Sucre et économie : l’histoire en écho

La crise du marché sucrier a déjà été traitée dans un précédent numéro de la Lettre économique des Chambres d’agriculture de France. Surproduction chronique depuis quelques années, sortie des quotas sucriers en Europe, chute du prix, le tout occasionnant de belles turbulences chez les sucriers, le groupe Tereos étant particulièrement touché. Tereos, justement. L’un des plus grands groupes mondiaux du sucre, détient la marque bien connue par le consommateur, Béghin-Say.

La sucrerie Say, créée en 1812 à Nantes par Louis Say, fusionnera bien des décennies plus tard, en 1972, avec Béghin, entreprise issue de Thumeries sucrerie fondée en 1821 par Joseph Coget et son gendre Antoine Béghin.
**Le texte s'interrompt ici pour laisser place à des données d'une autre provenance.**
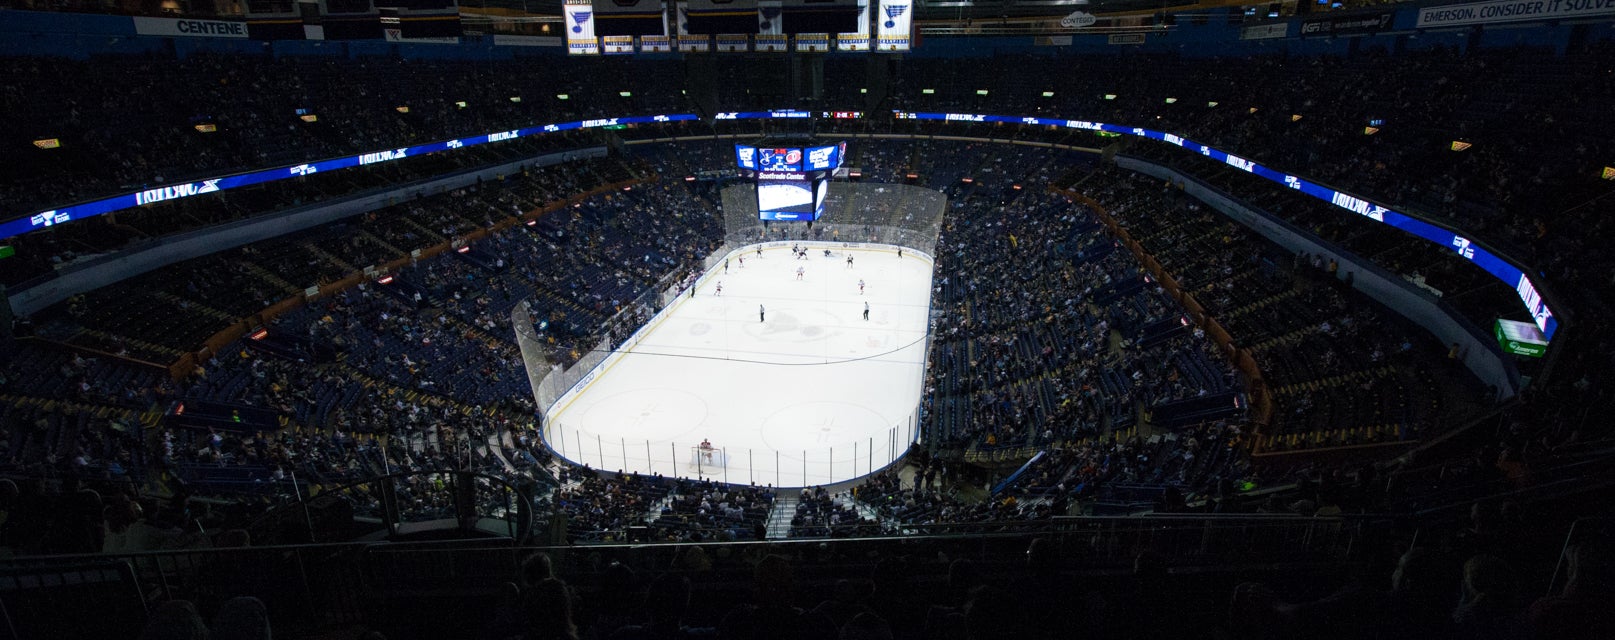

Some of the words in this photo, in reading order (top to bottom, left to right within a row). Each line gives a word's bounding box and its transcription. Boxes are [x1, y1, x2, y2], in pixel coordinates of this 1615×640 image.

Le groupe Béghin-Say était né, illustrant la vie des entreprises, fusionnant, s'absorbant, grandissant...pour parfois accéder au rang de grand groupe de taille internationale.
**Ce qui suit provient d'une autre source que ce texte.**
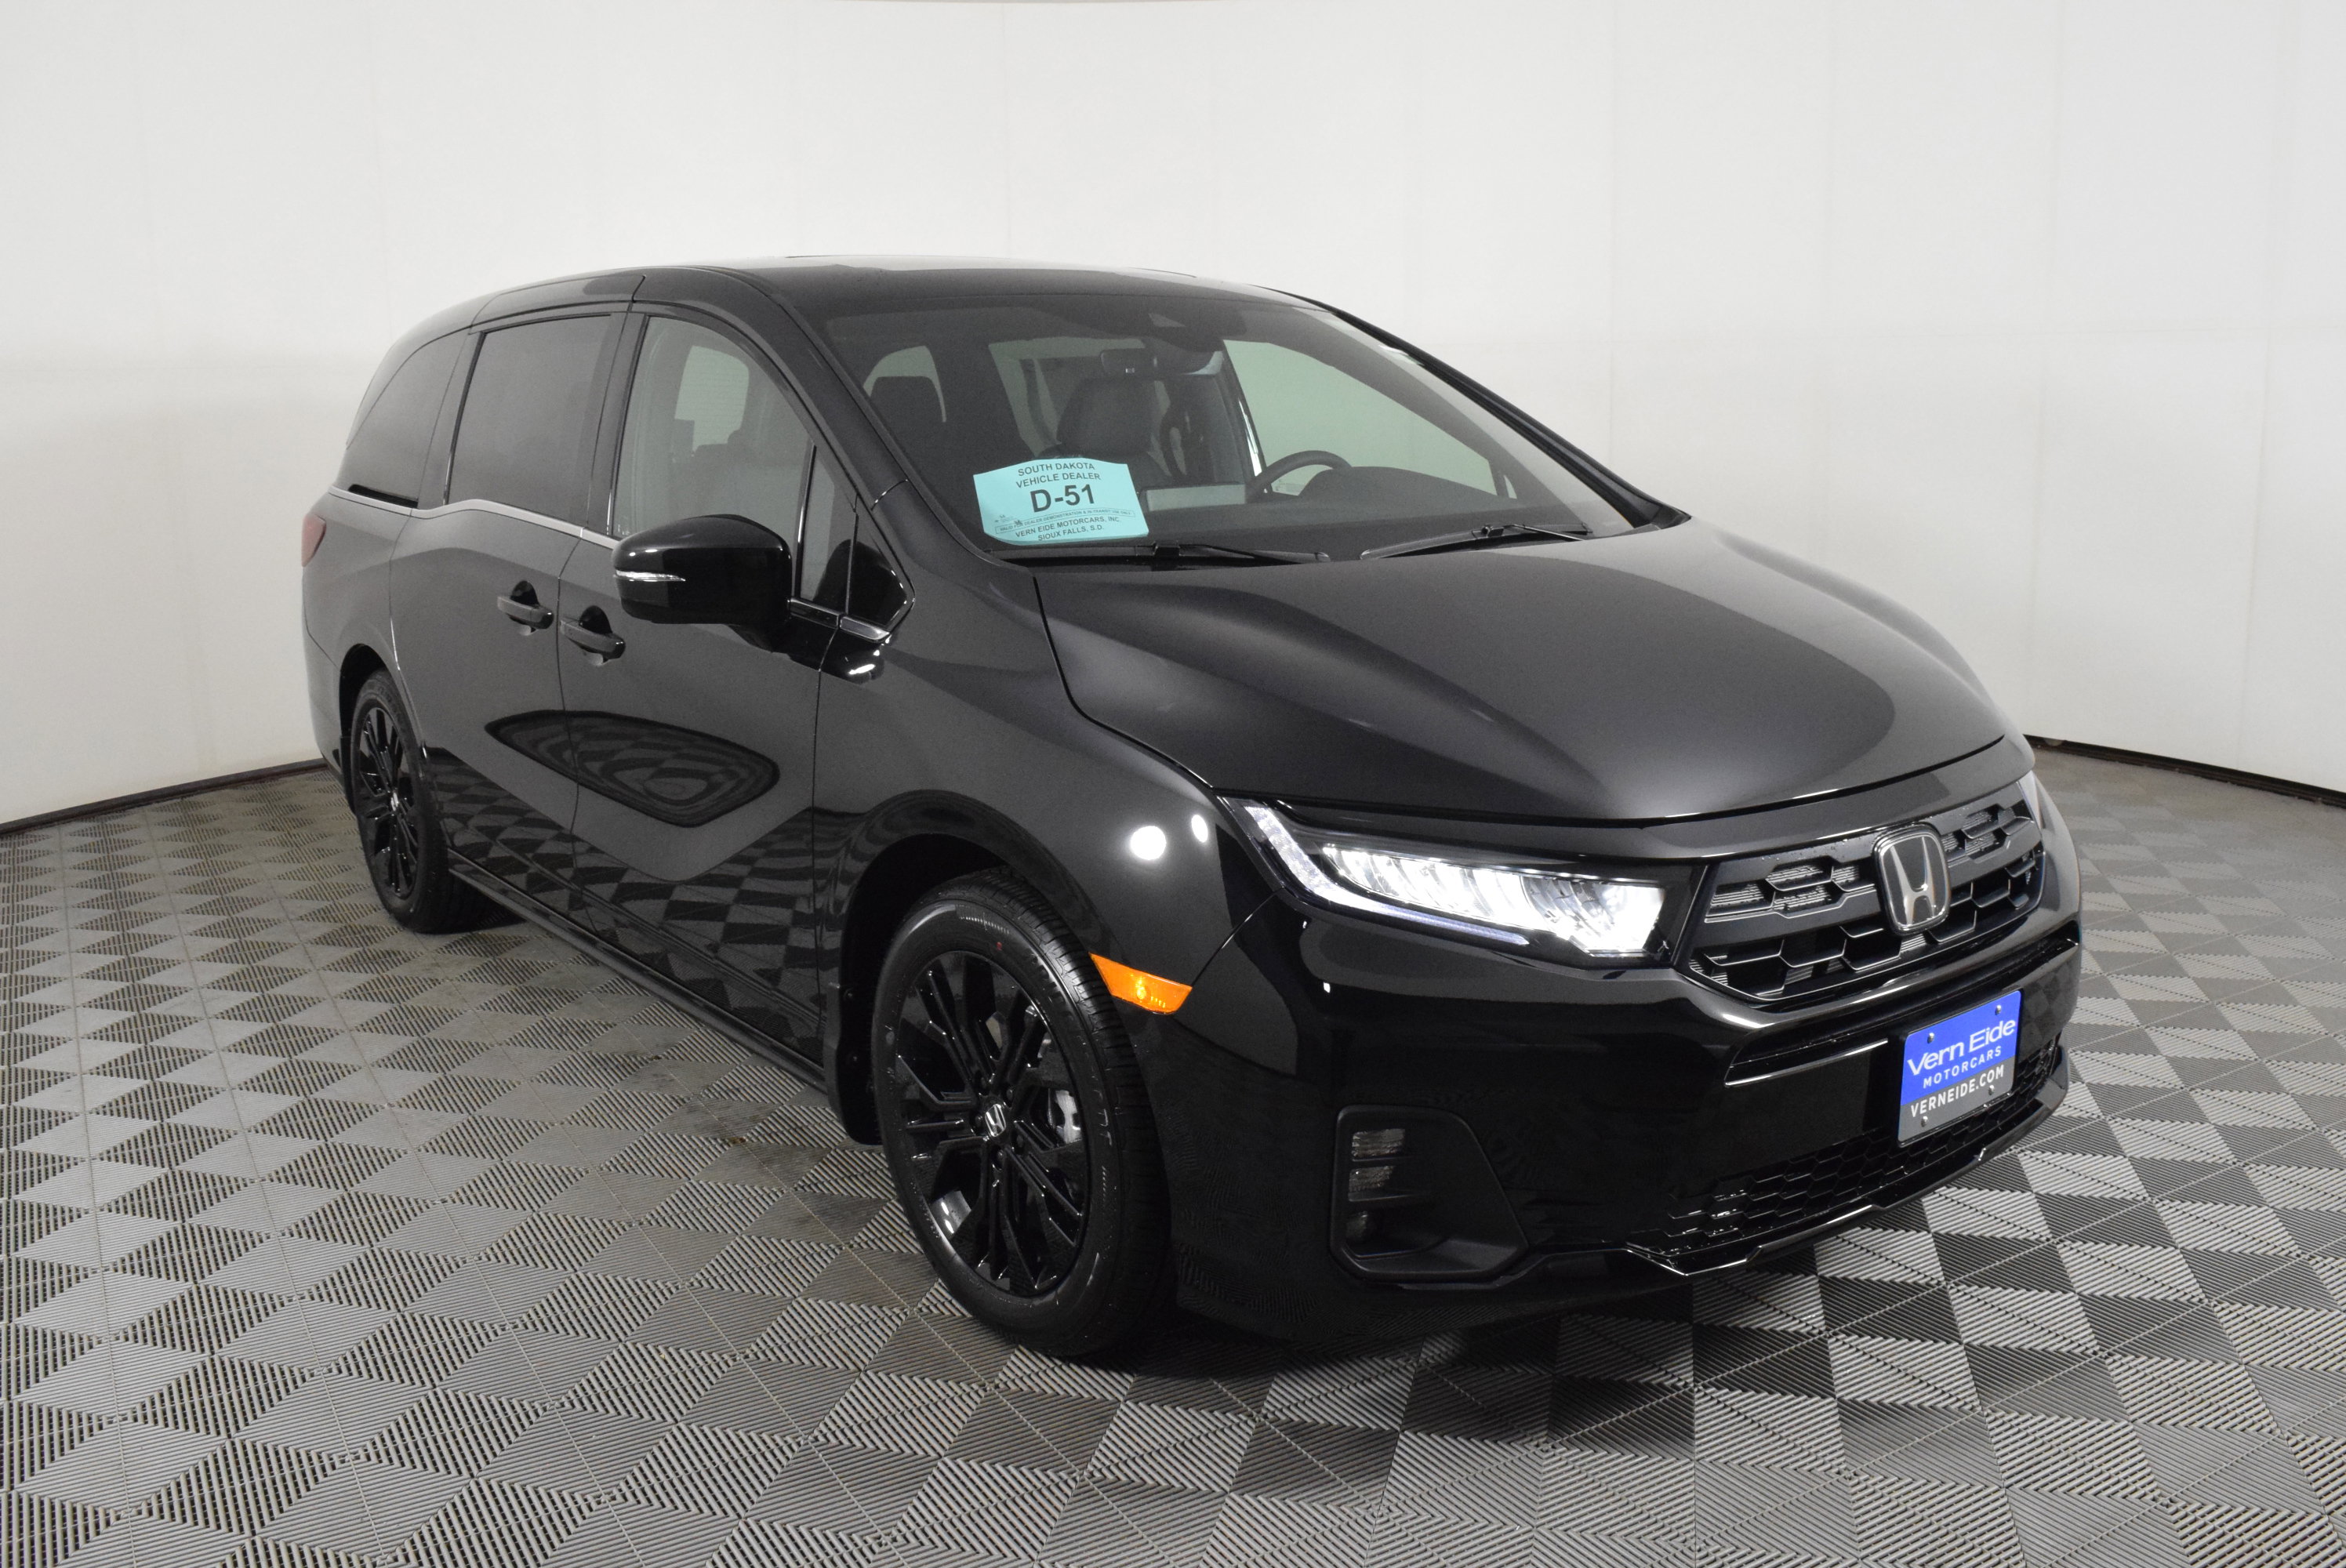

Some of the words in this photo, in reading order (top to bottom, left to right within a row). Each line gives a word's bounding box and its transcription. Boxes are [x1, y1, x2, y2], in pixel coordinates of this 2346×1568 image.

[1016, 474, 1059, 488] VEHICLE
[1062, 472, 1101, 481] DEALER
[1018, 463, 1053, 477] SOUTH
[1030, 484, 1095, 513] D-51
[1043, 510, 1082, 521] DEMONSTRATION
[1016, 528, 1036, 538] VERN
[1057, 516, 1107, 528] MOTORCARS,
[1038, 532, 1062, 541] SIOUX
[1063, 526, 1088, 535] FALLS,
[1907, 1042, 1964, 1076] Vern
[1969, 1020, 2016, 1053] Eide
[1923, 1046, 2002, 1089] MOTORCARS
[1910, 1064, 2004, 1118] VERNEIDE.COM
Il y a toutefois une originalité qui distingue Béghin-Say des autres groupes sucriers. Louis Say était le frère de l'illustre économiste, titulaire de la Chair d'économie industrielle au Conservatoire des Arts et Métiers, avant d'occuper celle, la première de l'histoire de la discipline, d'économie politique du Collège de France. Il s'agit de Jean-Baptiste Say (1767-1832). Les apprentis économistes – d'hier, d'aujourd'hui, voire de demain – se sont, du moins faut-il l'espérer, à un moment ou à un autre de leur cursus, penchés sur l'ouvrage de référence de J.-B. Say, le Traité d'économie politique, dont la première édition remonte à 1803. C'est dans cette œuvre que l'on trouve la fameuse Loi des débouchés de Say, consistant à montrer que toute offre crée sa propre demande et la porte à son niveau. Dit autrement, Say affirme que la surproduction est impossible, niant par la même occasion toute possibilité de crise sur un marché.
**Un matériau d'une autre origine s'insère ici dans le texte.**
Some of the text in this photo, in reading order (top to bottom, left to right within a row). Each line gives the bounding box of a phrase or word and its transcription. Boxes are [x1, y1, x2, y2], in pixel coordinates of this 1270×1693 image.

La situation actuelle du marché sucrier infirme – mais on n'a pas attendu la crise du sucre pour s'en convaincre – la Loi des débouchés de Say. En dépit d'une demande mondiale qui reste dynamique, l'offre est suffisamment abondante pour déséquilibrer le marché et plonger les planteurs et les transformateurs dans les affres d'une crise. Si, par surcroît, l'UE abroge le dispositif d'encadrement de l'offre, la divergence entre l'offre et la demande ne peut être niée.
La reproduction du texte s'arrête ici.